*WORK INSTRUCTION*.
Reproduce the records below exactly; no pictures.

*AVAILABLE RECORDS*.
Segment Open

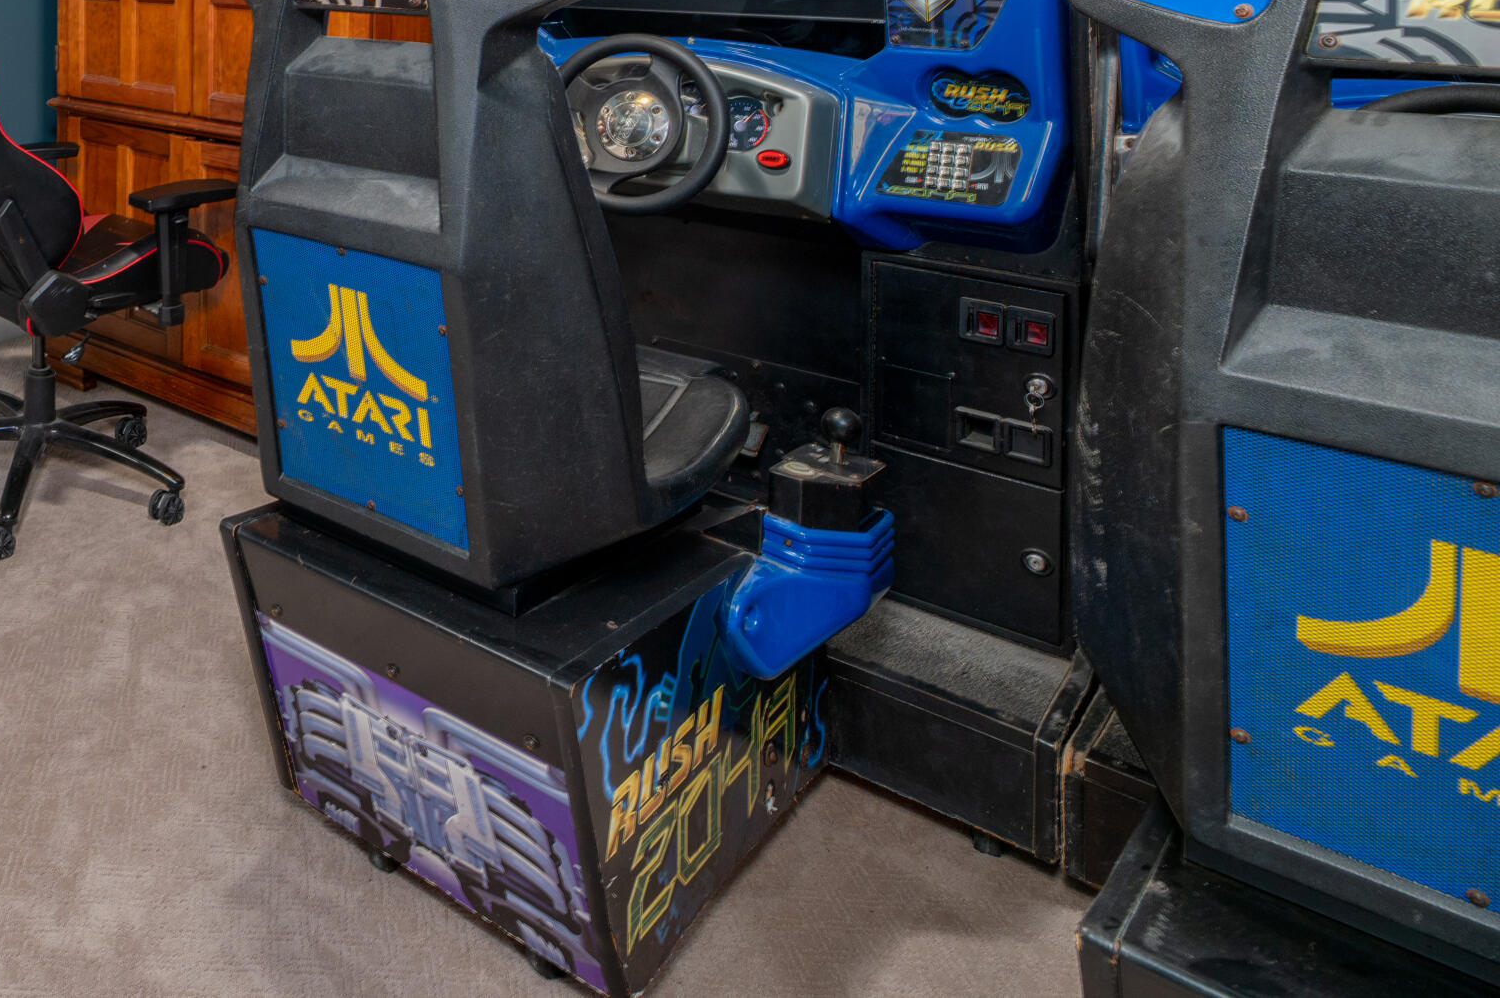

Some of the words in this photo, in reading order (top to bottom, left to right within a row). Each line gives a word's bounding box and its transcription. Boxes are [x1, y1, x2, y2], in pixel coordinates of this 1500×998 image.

[943, 83, 1010, 102] RUSH
[297, 371, 433, 449] ATARI
[297, 408, 436, 467] GAMES
[604, 683, 726, 864] RUSH

Segment Closed

*REPLY*.
Some of the words in this photo, in reading order (top to bottom, left to right within a row). Each line gives a word's bounding box and its transcription. Boxes are [x1, y1, x2, y2], in pixel coordinates of this 1500×998 image.

[943, 83, 1010, 102] RUSH
[297, 371, 433, 449] ATARI
[297, 408, 436, 467] GAMES
[604, 683, 726, 864] RUSH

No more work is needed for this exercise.